Para superar essas restrições, um grupo de pesquisadores decidiu treinar o primeiro programa de aprendizado de máquina no espaço. Quem liderou os trabalhou foi o estudante de doutorado Vít Růžička, do Departamento de Ciência da Computação da Universidade de Oxford.

Em 2022, eles conseguiram convencer a missão “Dashing through the Stars” (“Correndo pelas estrelas”, em tradução livre) a aceitar suas propostas de projeto a serem realizados a bordo do satélite ION SCV004, lançado em janeiro de 2022. Durante o outono de 2022, o código do programa foi enviado ao satélite, que já estava em órbita.

Os pesquisadores treinaram um modelo simples para detectar mudanças na cobertura de nuvens a partir de imagens aéreas diretamente dentro do satélite, ao invés de treiná-lo na Terra.

O modelo foi baseado numa abordagem chamada “few-shot learning” (“aprendizagem com poucas tentativas”, em tradução livre). Ele permite que o modelo aprenda as características mais importantes a serem procuradas com algumas amostras para treinamento.

Processo (muito) ágil

Chips, IA
Imagem: IM Imagery/Shutterstock)

Uma vantagem chave dessa abordagem é que os dados podem ser comprimidos em representações menores, tornando o modelo mais rápido e eficiente.

Durante a fase de treinamento, o modelo RaVAEn comprime arquivos de imagens grandes em vetores de 128 números. Ele aprende a manter apenas os valores informativos nesse vetor, relacionados à mudança que está tentando detectar – nesse caso, se há nuvens presentes ou não.

Isso resulta num treinamento extremamente rápido devido ao uso de um modelo de classificação muito pequeno para treinar.

A primeira parte do modelo, que comprime as novas imagens, foi treinada na Terra. Já a segunda parte, que decide se a imagem contém nuvens ou não, foi treinada diretamente no satélite.

Normalmente, desenvolver um modelo de aprendizado de máquina exigiria várias rodadas de treinamento usando o poder de um conjunto de computadores interligados.

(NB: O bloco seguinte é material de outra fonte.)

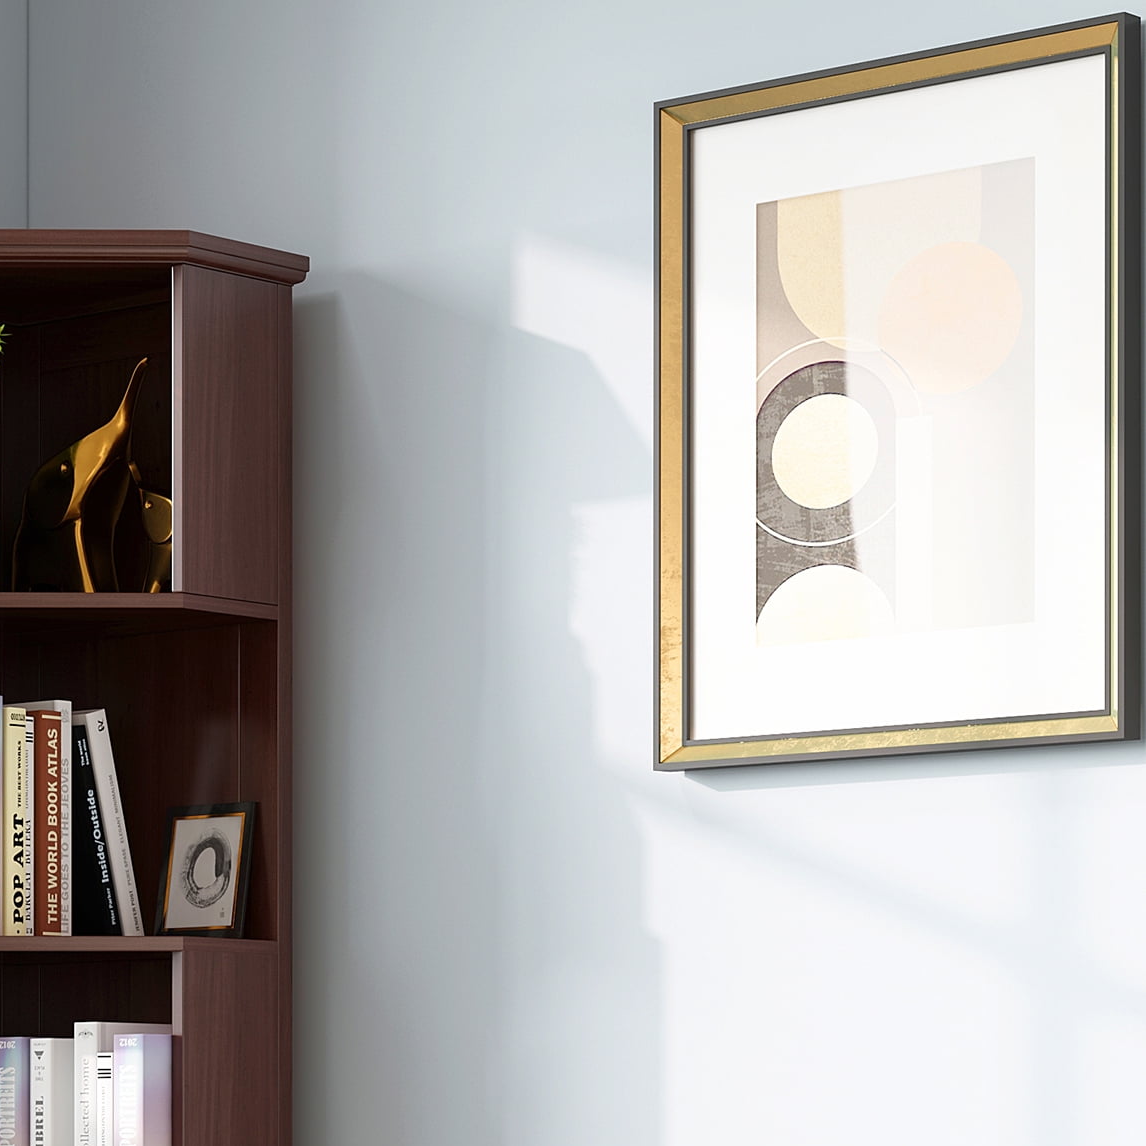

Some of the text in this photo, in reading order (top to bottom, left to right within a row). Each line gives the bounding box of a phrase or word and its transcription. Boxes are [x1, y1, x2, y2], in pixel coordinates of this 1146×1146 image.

No entanto, o modelo compacto da equipe concluiu a fase de treinamento (usando mais de 1,3 mil imagens) em cerca de um segundo e meio.

IA na prática

Montagem com capturas de tela de imagens analisadas pela IA
(Imagem: Universidade de Oxford)

Quando testado em dados novos, o modelo conseguiu detectar automaticamente se uma nuvem estava presente ou não em cerca de um décimo de segundo. Isso envolveu a codificação e análise de uma cena equivalente a quase 450 campos de futebol.

Segundo os pesquisadores, o modelo pode ser facilmente adaptado para realizar diferentes tarefas e usar outras formas de dados.

Com esse avanço, eles planejam desenvolver modelos mais avançados que possam diferenciar automaticamente entre mudanças de interesse. Por exemplo: inundações, incêndios, desmatamento e mudanças naturais (como alterações na cor das folhas ao longo das estações).

Além disso, eles têm como objetivo desenvolver modelos para dados mais complexos, incluindo imagens de satélites hiperespectrais.

Isso poderia permitir, por exemplo, a detecção de vazamentos de metano e teria implicações importantes no combate às mudanças climáticas.